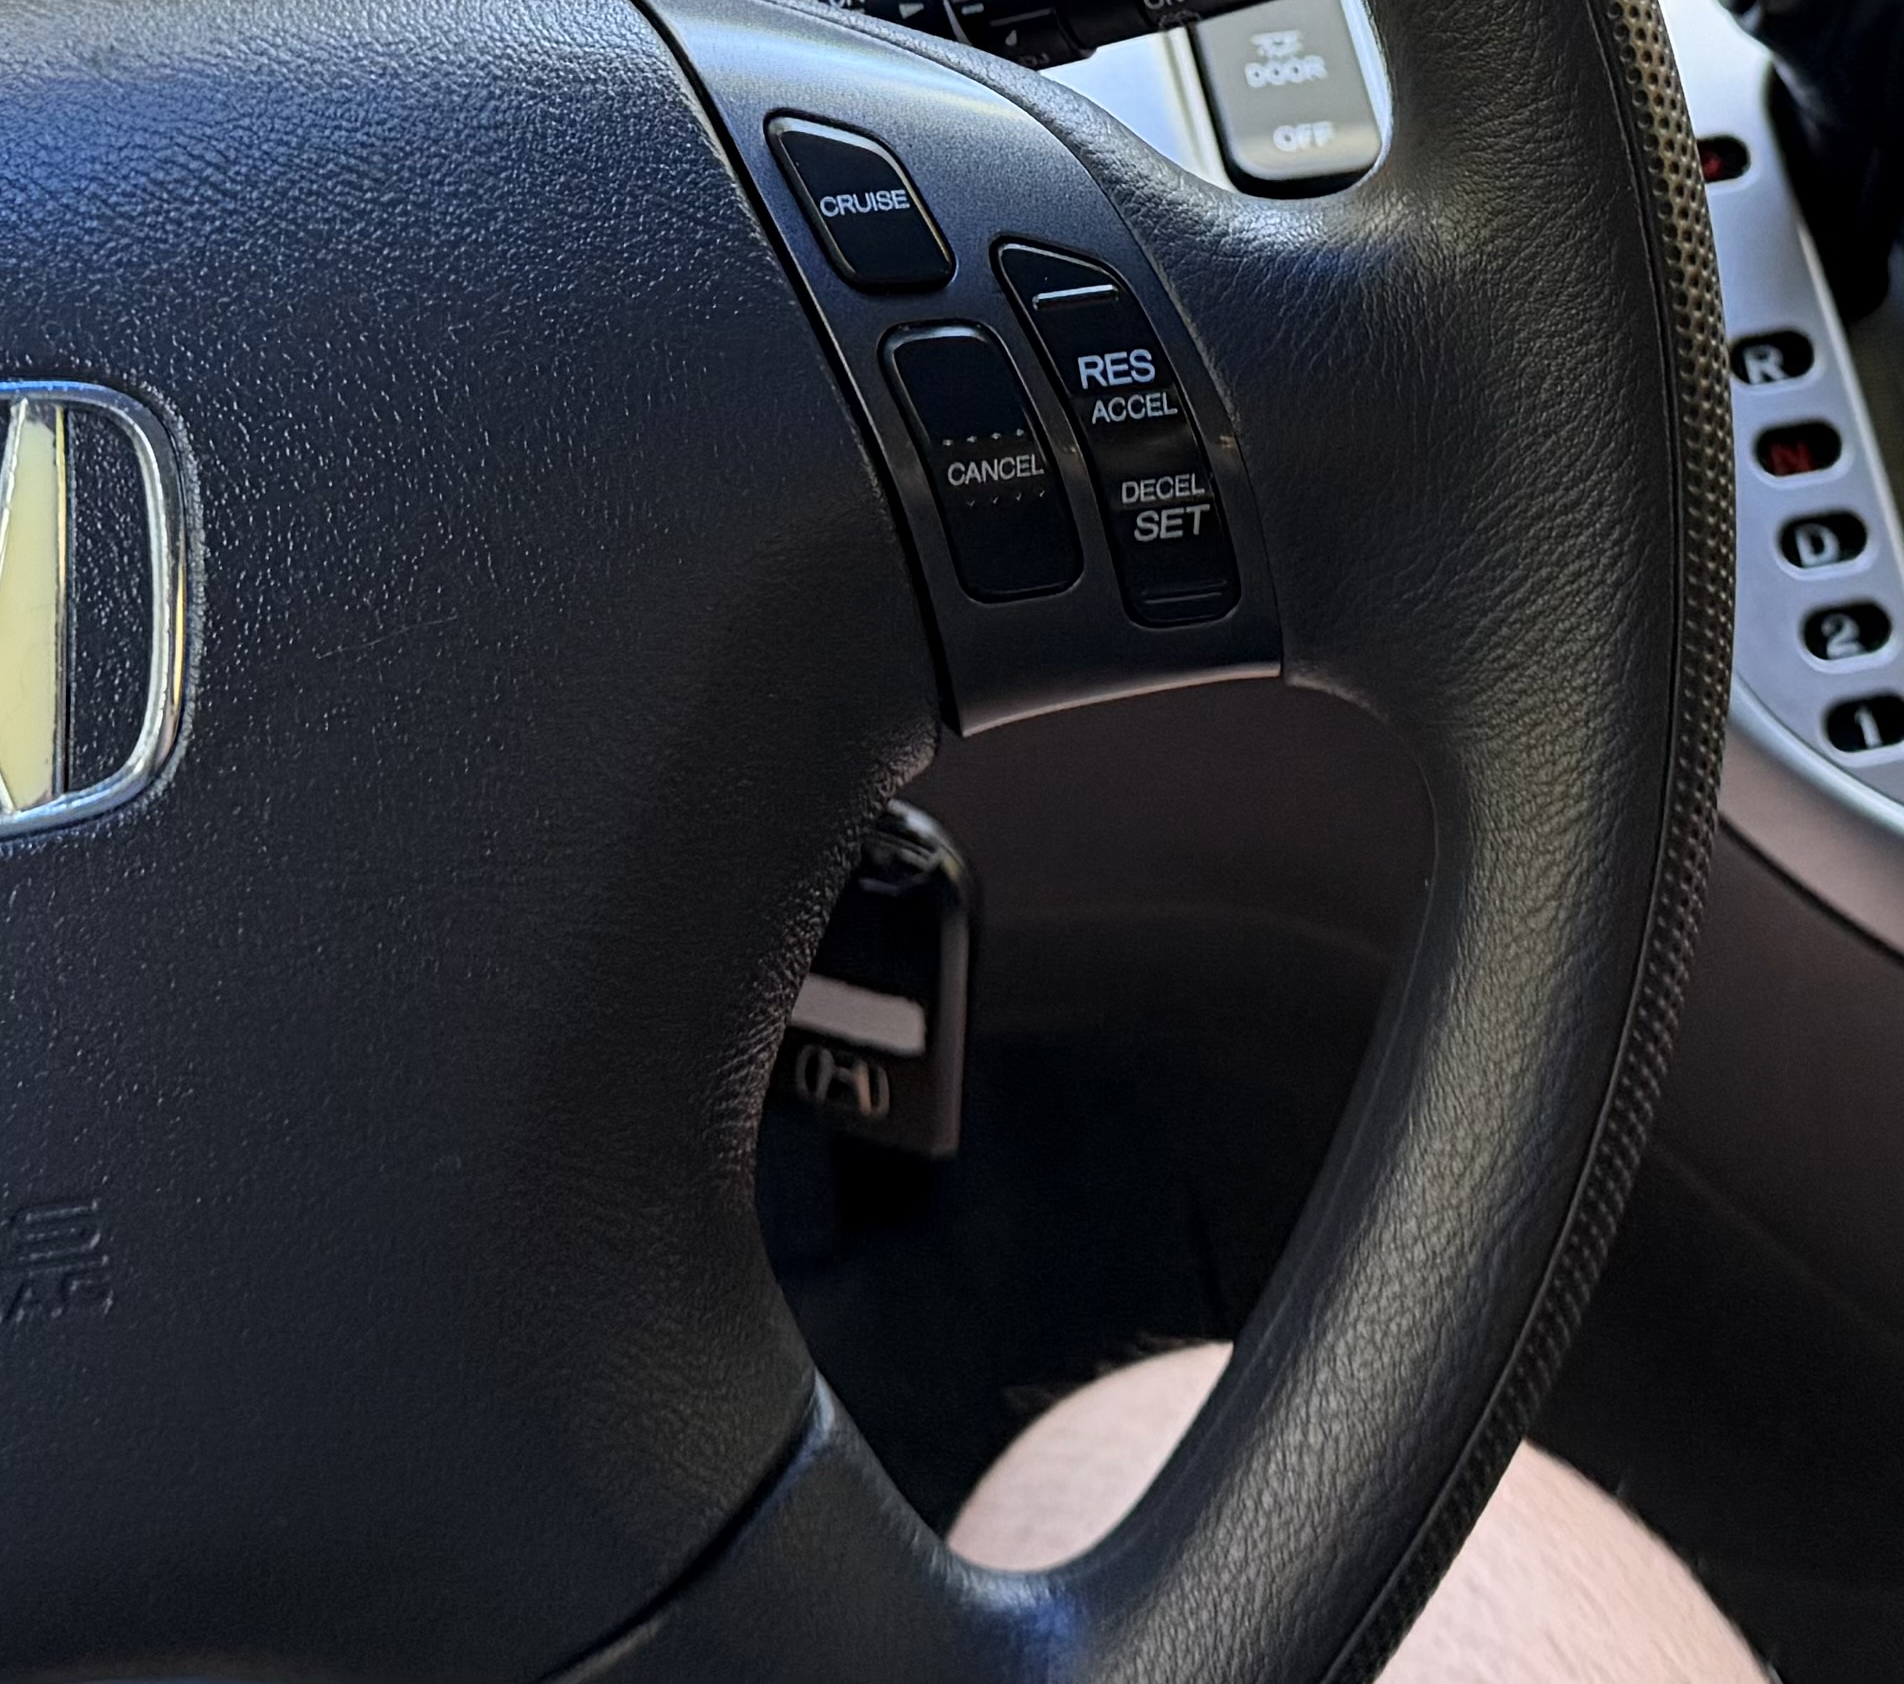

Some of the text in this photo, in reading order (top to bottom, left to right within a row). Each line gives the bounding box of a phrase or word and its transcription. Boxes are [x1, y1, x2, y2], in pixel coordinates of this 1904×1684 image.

[1244, 55, 1327, 88] DOOR
[1273, 121, 1334, 152] OFF
[820, 189, 910, 217] CRUISE
[1078, 349, 1156, 389] RES
[1743, 343, 1786, 386] R
[1092, 392, 1178, 425] ACCEL
[947, 453, 1045, 487] CANCEL
[1121, 473, 1206, 504] DECEL
[1133, 503, 1211, 543] SET
[1796, 525, 1840, 568] D
[1821, 614, 1863, 659] 2
[1854, 706, 1881, 749] 1

* Task statement
With pictures excluded, the data must be transcribed in full and to the letter.

* Solution to this exercise
Some of the text in this photo, in reading order (top to bottom, left to right within a row). Each line gives the bounding box of a phrase or word and its transcription. Boxes are [x1, y1, x2, y2], in pixel coordinates of this 1904×1684 image.

[1244, 55, 1327, 88] DOOR
[1273, 121, 1334, 152] OFF
[820, 189, 910, 217] CRUISE
[1078, 349, 1156, 389] RES
[1743, 343, 1786, 386] R
[1092, 392, 1178, 425] ACCEL
[947, 453, 1045, 487] CANCEL
[1121, 473, 1206, 504] DECEL
[1133, 503, 1211, 543] SET
[1796, 525, 1840, 568] D
[1821, 614, 1863, 659] 2
[1854, 706, 1881, 749] 1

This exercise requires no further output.